En tandem avec ses collègues directeurs sportifs Ty Magner et Joey Rosskopf, deux autres anciens pros, Howes dit qu’ils ont bâti une équipe qui s’est concentrée sur “vraiment essayer de trouver un groupe de gars qui pourraient bien s’intégrer les uns aux autres et bien rouler ensemble et adhérer à l’idée de rouler en équipe et d’essayer d’obtenir des résultats en tant que groupe”.
Pour réussir, ils voulaient la coopération de tous les membres de l’équipe. Il déclare : “La réalité est que le cyclisme, au cours des cinq ou dix dernières années, si vous ne pouvez pas rouler en équipe, si vous ne pouvez pas rouler en unité, ça ne marche tout simplement pas.

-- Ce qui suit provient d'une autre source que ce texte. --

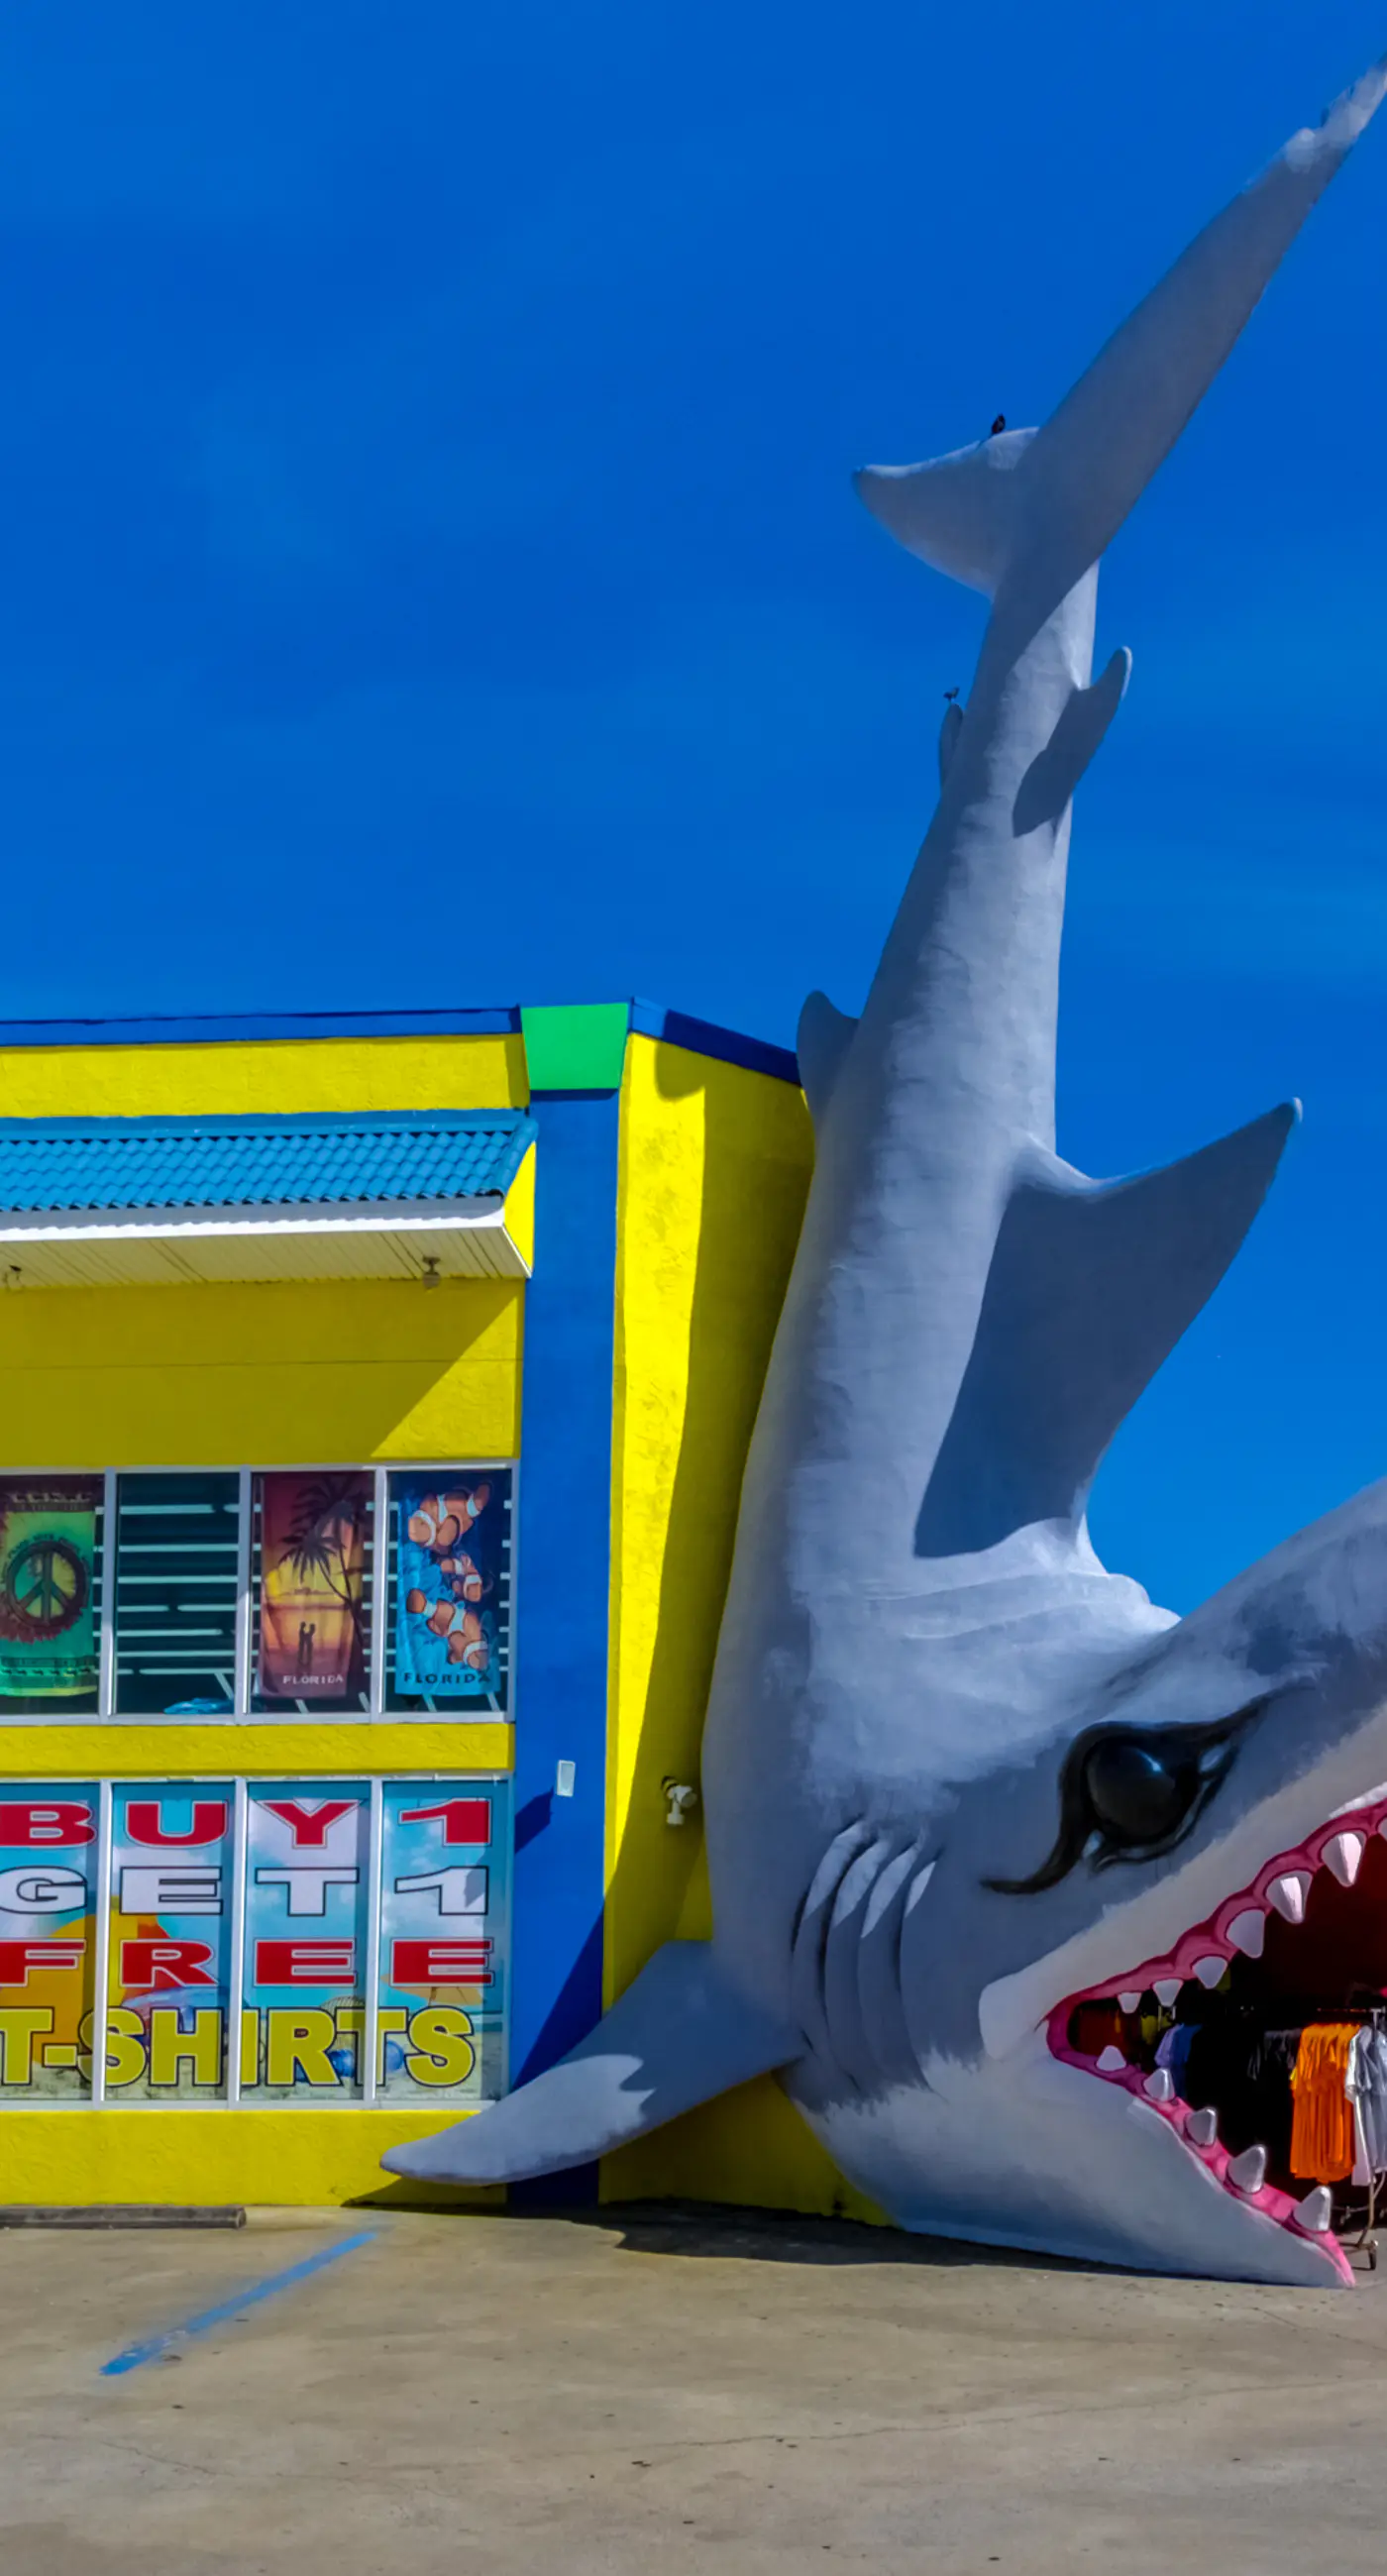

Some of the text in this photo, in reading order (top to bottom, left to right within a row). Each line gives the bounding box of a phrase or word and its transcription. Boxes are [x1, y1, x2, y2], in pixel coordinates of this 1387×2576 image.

Les équipes de haut niveau sont trop organisées et trop fortes.”
Jusqu’à présent, toute l’expérience a été un peu une épreuve du feu, et Howes et ses collègues réalisateurs apprennent de nouvelles choses chaque jour. “Certes, en tant qu’équipe de réalisation, il y a beaucoup de choses que nous ne savions pas. Et il y a encore un livre de cinq mille pages sur des choses que nous ne savons toujours pas. J’espère que nous y parviendrons, mais peut-être pas. [I’m] porter un pantalon différent, au propre comme au figuré. So it’s been a great learning process.”

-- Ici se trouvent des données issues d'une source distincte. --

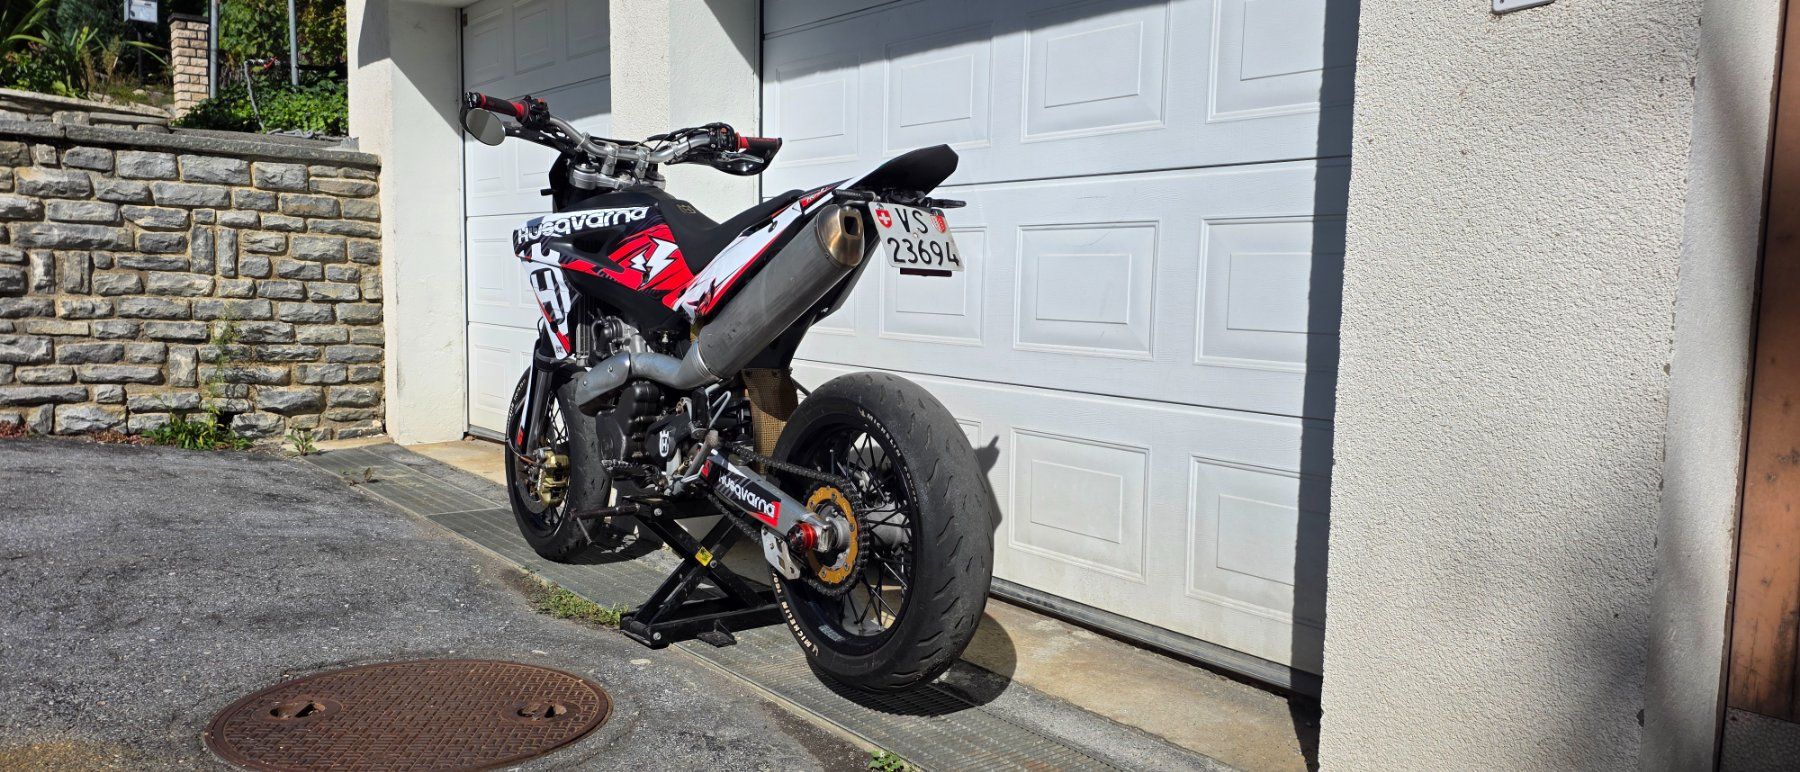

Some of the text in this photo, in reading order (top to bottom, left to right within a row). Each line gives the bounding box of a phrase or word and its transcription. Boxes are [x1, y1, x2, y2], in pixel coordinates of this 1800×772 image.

[518, 206, 650, 244] Husqvarna
[895, 208, 928, 234] VS
[887, 237, 960, 266] 23694
[866, 413, 901, 457] MICHELIN
[719, 474, 776, 518] Husqvarna
[781, 601, 813, 648] MICHELIN

L’équipe Modern Adventure a pris un bon départ cette première saison, mais a également reçu quelques réticences. Le co-fondateur de l’équipe, George Hincapie, et le responsable de la performance, Bobby Julich, faisaient partie de l’ère alimentée par les drogues améliorant la performance. Selon Howes, “ces gars, George et Bobby, sont probablement les premiers à dire qu’il y a des squelettes dans le placard”.
Howes a eu tout le temps de composer avec les conséquences de l’ère du dopage.

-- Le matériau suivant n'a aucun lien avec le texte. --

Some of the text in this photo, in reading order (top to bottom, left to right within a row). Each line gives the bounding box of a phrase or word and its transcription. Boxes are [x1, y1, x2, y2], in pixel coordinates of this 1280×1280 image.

“C’est drôle”, dit-il, “parce que certaines des choses qui se sont produites au cours de cette génération – le revers a été dur, très dur pour le sport cycliste, en particulier aux États-Unis. Mais à travers tout ce chaos et ces absurdités, cela a vraiment créé une grande fenêtre d’opportunité pour moi et ma génération.
« Slipstream Sports, présenté comme « l’équipe propre », avait besoin d’un jeune coureur américain nommé Alex Howes qu’ils pourraient envoyer faire des analyses de sang 48 fois par saison et m’appeler chaque semaine pour s’assurer que j’avais bien compris la mission : aller vite et [do it] faire le ménage.”
Et grâce à cela, Howes a pu courir sur la plus grande scène du monde.
“Si ce chemin n’avait pas été là pour moi, je ne suis pas un pilote superstar qui aurait trouvé un moyen. J’avais besoin de cette fenêtre, et à travers le chaos et le revers de Lance, cette fenêtre s’est grande ouverte pour moi. Je me sens donc plutôt chanceux d’une drôle de manière.”
En tant que partie instrumentale de ce nouveau projet, Howes ressent les critiques de l’équipe, mais les comprend également.
“Les revers font parfois mal”, admet Howes. “Les gens crient sur des choses. Ils crient sur les commentaires sur George et sur le fait que nous sommes une bande d’idiots et d’idiots. Je suis assis là à penser: ‘mec, j’ai testé tellement de fois et j’ai tout fait correctement.’
Certains ont noté que les anciens dopés des équipes professionnelles européennes n’ont pas nécessairement fait l’objet du même niveau de surveillance ; but then there are different cultural norms. De plus, exclure toute personne liée au scandale est irréaliste. For Howes, he’s happy to look ahead.
“En fait, ce n’est un secret pour personne que nous aimerions, s’il est prêt, recruter Enzo, le fils de George, lorsqu’il ne sera plus junior”, partage Howes. “Si vous ne pouvez pas tourner la page alors qu’il s’agit littéralement d’une nouvelle génération, quand le ferez-vous ? Parce qu’à un moment donné, nous devons tourner cette page.”
Modern Adventure Pro Cycling, avec Howes et ses collègues directeurs au volant, a remporté sa première victoire majeure en Europe la semaine dernière avec le sprinter Ben Oliver remportant le titre général du Tour de Wallonie. Bien que l’accent soit fortement mis sur l’exposition européenne, l’équipe participera à un bloc de courses en Amérique du Nord plus tard cet été, y compris le retour tant attendu de la Philadelphia Cycling Classic.